Solar installer SolarCity has signed a deal acquire Silevo, a solar panel technology and manufacturing company based in Silicon Valley. Silevo's claim to fame is a combination of high efficiency and low cost. SolarCity's strategic thinking behind the deal is quite simple: "Our intent is to combine what we believe is fundamentally the best photovoltaic technology with massive economies of scale to achieve a breakthrough in the cost of solar power."
On a conference call this morning, Elon Musk (best known for Tesla, but also the chairman of SolarCity) said that while this acquisition is probably a surprise to most, they felt it was necessary because they otherwise risked not having the solar panels they need to keep growing. They expect to eventually be installing 10s of gigawatts of solar panels a year, and global production isn't growing fast enough, especially at the high-efficiencies that they want. Less efficient panels are being made in large quantities, but high-efficiency ones are not. And while there's a lot of interesting technologies in the lab, Silevo stood out to Musk because their manufacturing process is simple enough to scale up in the near term.
The goal is to drive the cost of solar down so that it can compete with other sources of power without any subsidies. So driving economies of scale to these high-efficiency panels seems like the way to go for SolarCity.
They expect to build solar panel plants that are an order of magnitude than what exists today (if it doesn't remind you of the Gigafactory on Tesla's side, well, it should!) to drive those costs down, as well as invest massively in R&D.
One insight of Elon Musk is that demand grows exponentially as price drops, so if they can succeed in lowering costs, they won't just grow a little faster but much faster. I believe it was Lyndon River, the CEO of SolarCity, who said: "If we can get the cost of solar below the cost of fossil fuels without incentives, the market size for that is basically infinite over the next 30-40 year." Yeah, they're thinking big!
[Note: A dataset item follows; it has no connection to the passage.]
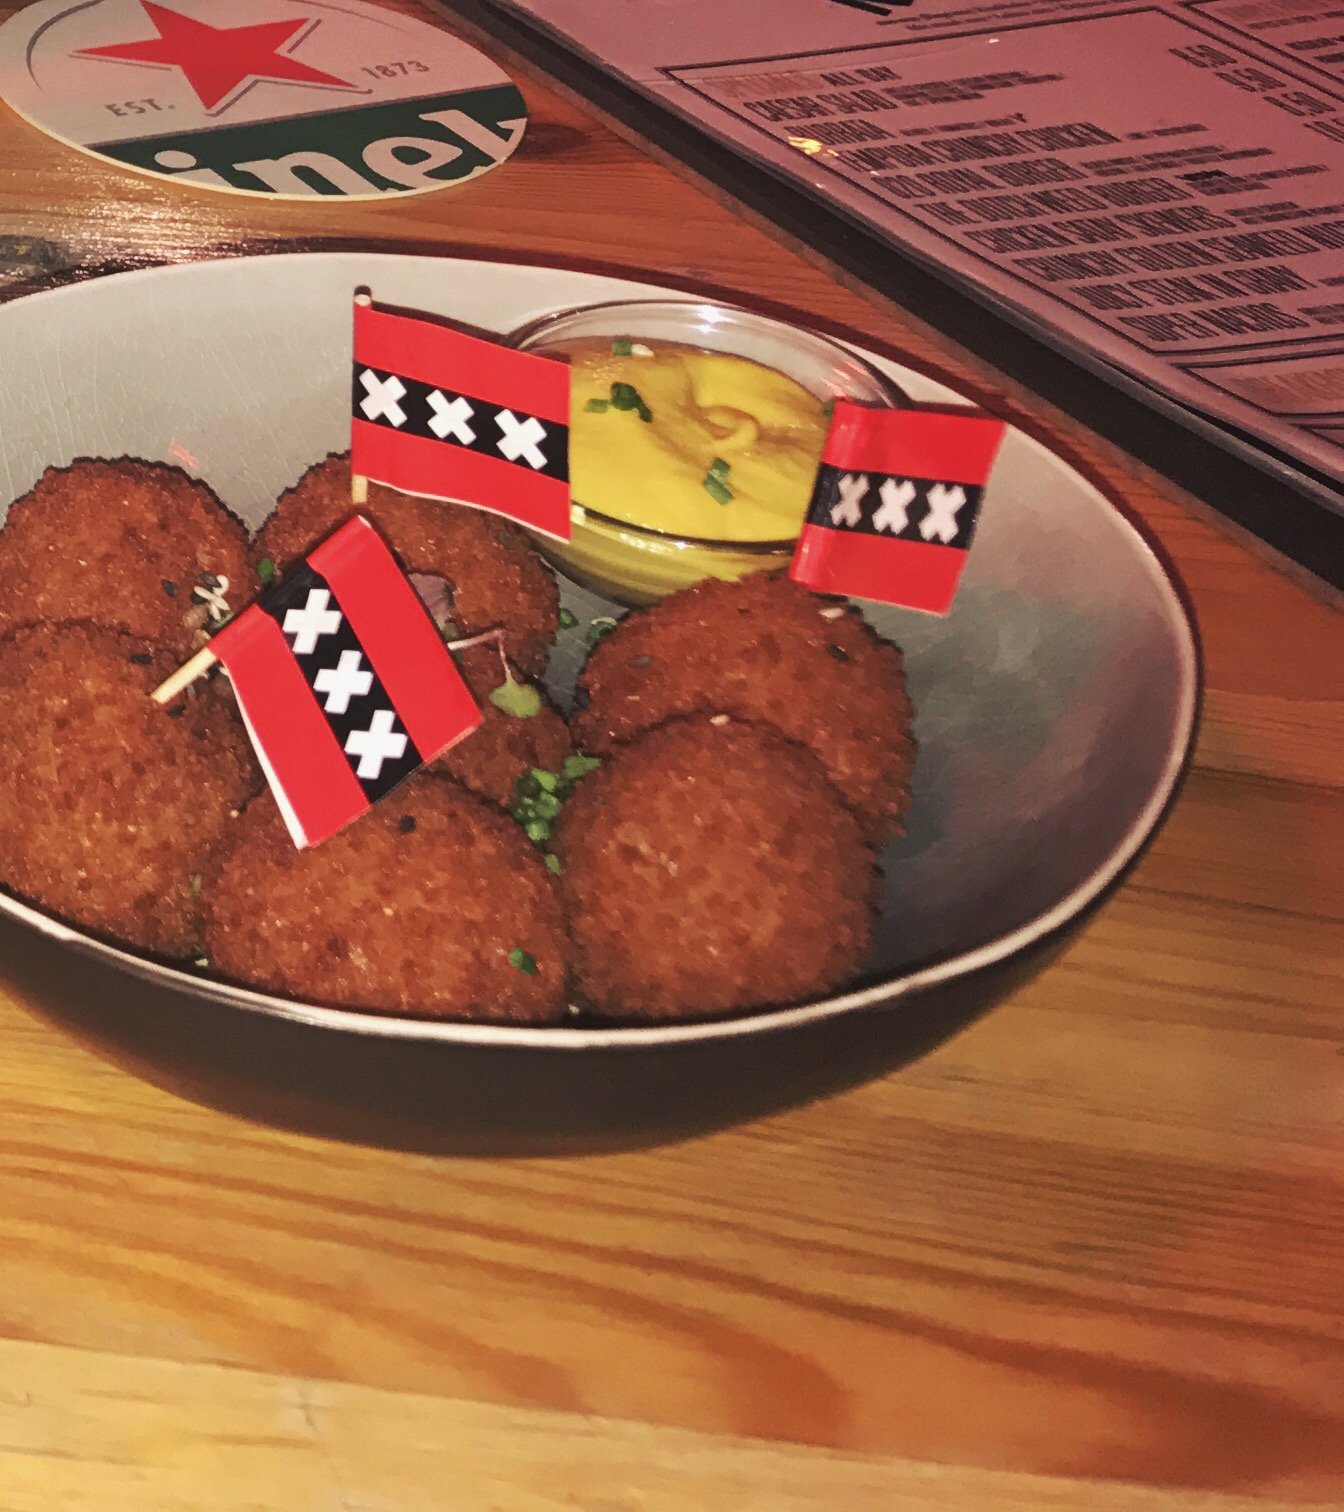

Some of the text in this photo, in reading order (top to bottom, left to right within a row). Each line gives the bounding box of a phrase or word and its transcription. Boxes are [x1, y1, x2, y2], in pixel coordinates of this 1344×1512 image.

SolarCity expects to be able to use all the panels produced by Silevo (and maybe more), but if things turned out differently, they would be open to selling Silevo solar modules to others.
Elon Musk also mentioned that over time SolarCity will provide more storage to its customers, and that will use batteries that will be produced by Tesla.
Peter Rive, the chief technology officer at SolarCity, said that they've been looking at solar tech companies for a while before finding Silevo. They believe that Silevo's tech can deliver high-efficiency solar modules at the cost of regular solar cells, with a "relatively simple" manufacturing process.
Silevo's current cells are already very efficient, but they're not resting on their laurels. They're aiming much higher:
They are currently in discussions with the state of New York to build a very large Gigafactory-style manufacturing plant there, which would create over 1,000 jobs and produce over a gigawatt of panels per year, which would make it one of the larger solar factories in the world. Location should be around the Buffalo, NY, area and will be powered by hydropower from Niagara Falls. The plant is expected to be up and running within 2 years, so they're in a real hurry to get this new supply.
And promisingly, they're also planning "much larger" solar factories to follow the initial one, including - at some point in the future - some 10GW (!) factories.
SolarCity believes that when the acquisition is complete, that the company will be the most integrated solar company in the world. Designing panels on one side, then making them, financing the transactions, and installing them at the end of the chain.